====== Provided data ======

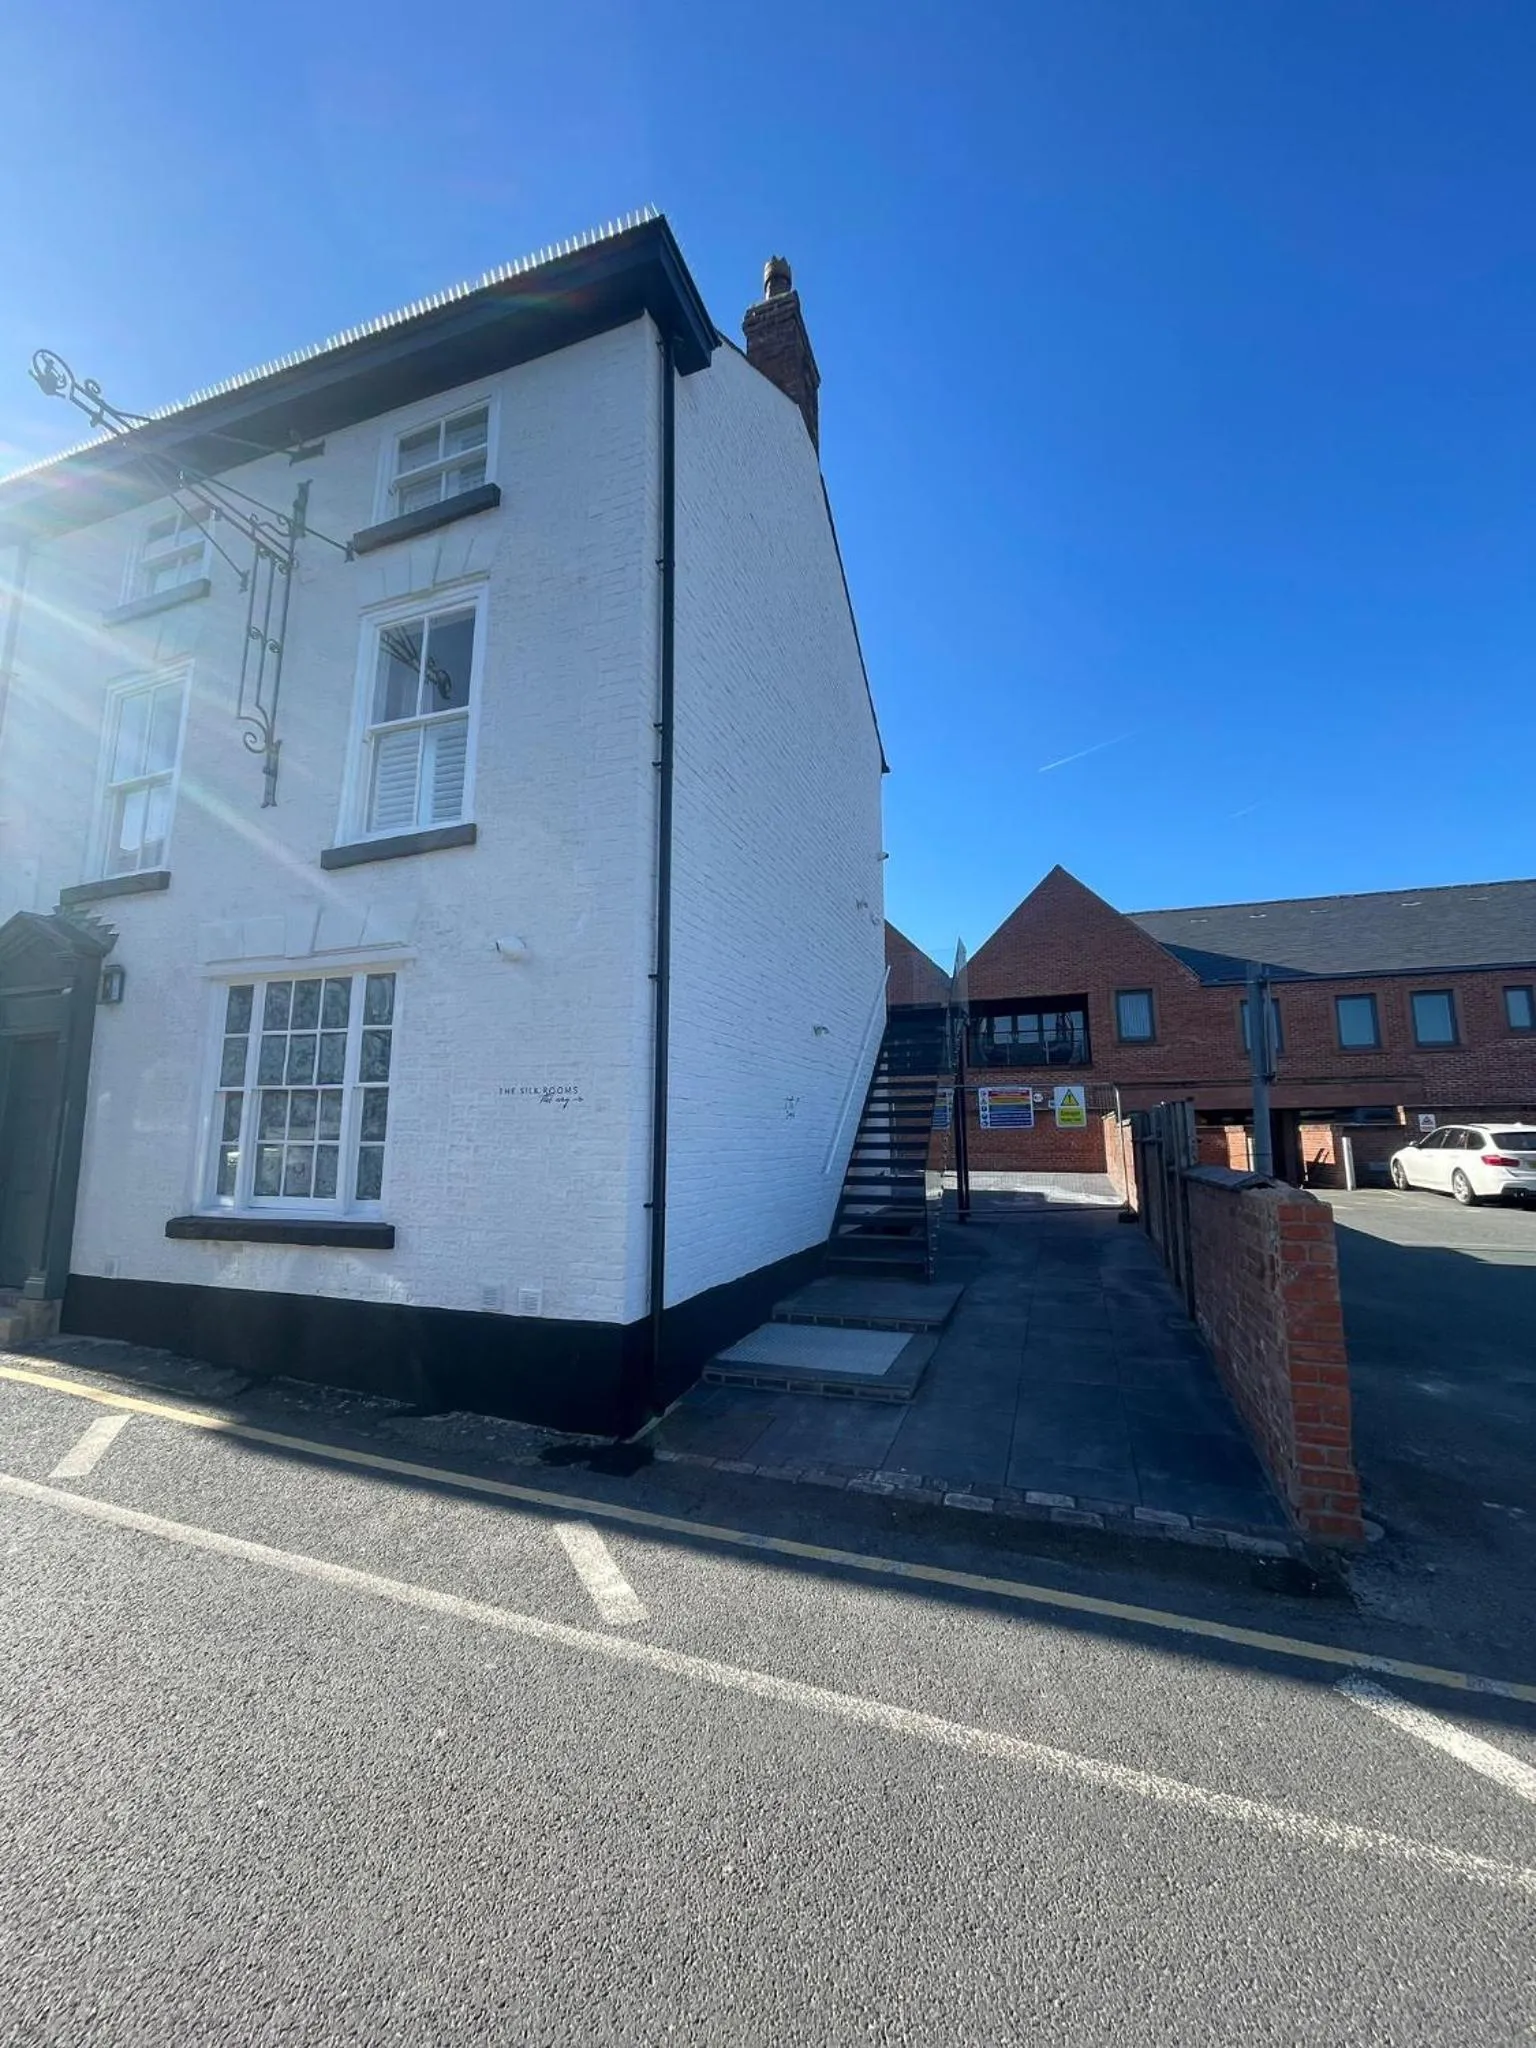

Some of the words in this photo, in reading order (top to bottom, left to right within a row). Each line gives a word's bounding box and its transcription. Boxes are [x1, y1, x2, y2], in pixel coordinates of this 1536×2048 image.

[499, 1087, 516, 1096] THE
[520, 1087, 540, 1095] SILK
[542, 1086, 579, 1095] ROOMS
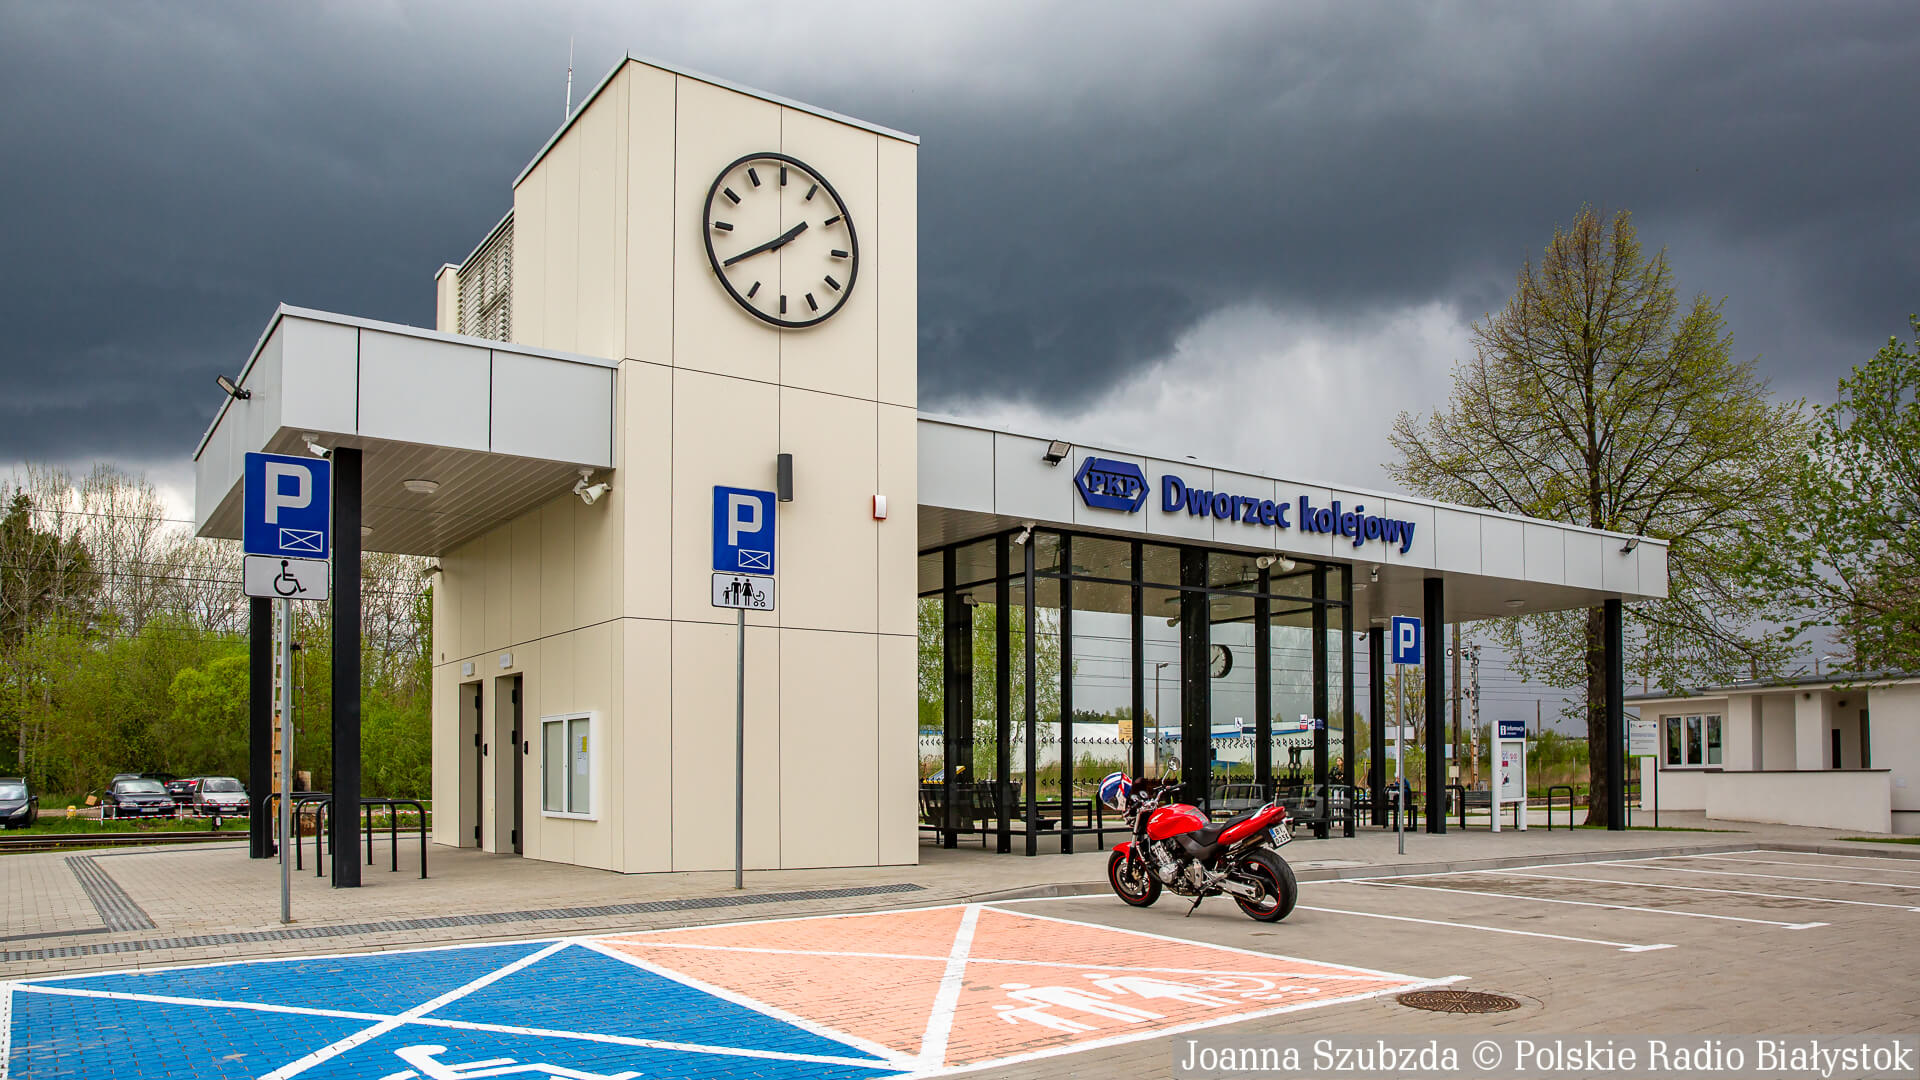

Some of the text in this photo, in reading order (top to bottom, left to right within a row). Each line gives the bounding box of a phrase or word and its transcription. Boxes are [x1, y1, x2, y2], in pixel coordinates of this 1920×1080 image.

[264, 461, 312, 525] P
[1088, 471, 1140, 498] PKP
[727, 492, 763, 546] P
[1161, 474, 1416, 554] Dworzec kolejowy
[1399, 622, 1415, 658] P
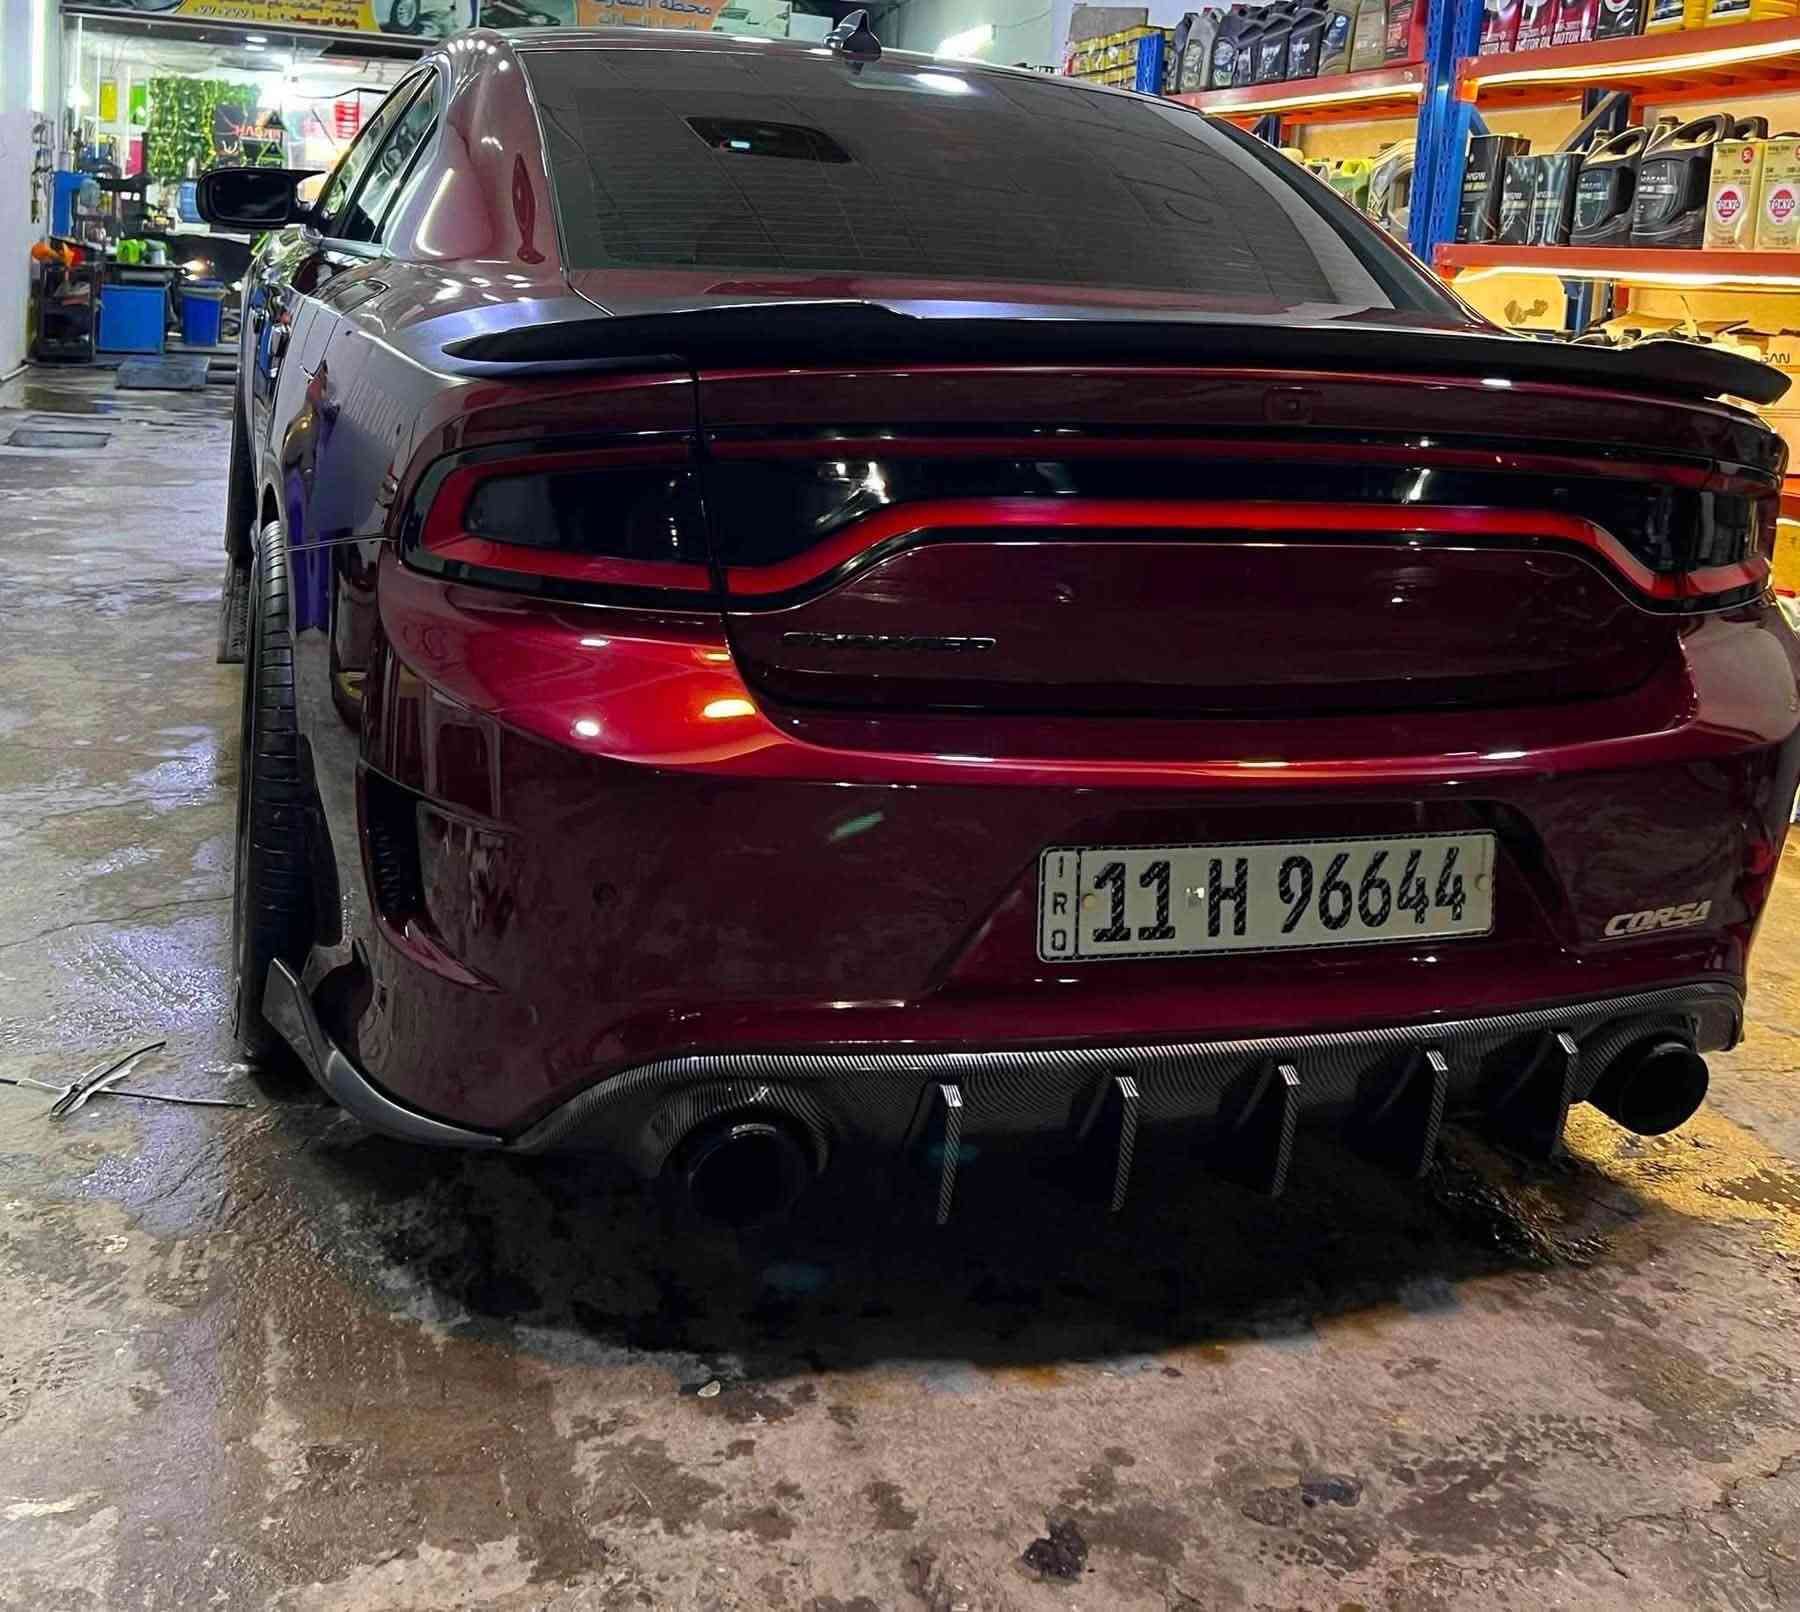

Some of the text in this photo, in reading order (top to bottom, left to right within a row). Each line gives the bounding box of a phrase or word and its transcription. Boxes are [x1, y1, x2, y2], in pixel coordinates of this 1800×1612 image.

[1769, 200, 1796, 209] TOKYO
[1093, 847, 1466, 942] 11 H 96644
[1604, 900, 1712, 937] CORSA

======

§ **Assignment**: Once the line containing "this 1920×1080 image." is found, write it out exactly along with every line after it through the end of the listing, excluding pictures.

§ **Answer space**:
Some of the text in this photo, in reading order (top to bottom, left to right within a row). Each line gives the bounding box of a phrase or word and its transcription. Boxes are [x1, y1, x2, y2], in pixel coordinates of this 1920×1080 image.

[264, 461, 312, 525] P
[1088, 471, 1140, 498] PKP
[727, 492, 763, 546] P
[1161, 474, 1416, 554] Dworzec kolejowy
[1399, 622, 1415, 658] P

Some of the text in this photo, in reading order (top to bottom, left to right within a row). Each line gives the bounding box of a phrase or word and its transcription. Boxes are [x1, y1, x2, y2], in pixel coordinates of this 1800×1612 image.

[1769, 200, 1796, 209] TOKYO
[1093, 847, 1466, 942] 11 H 96644
[1604, 900, 1712, 937] CORSA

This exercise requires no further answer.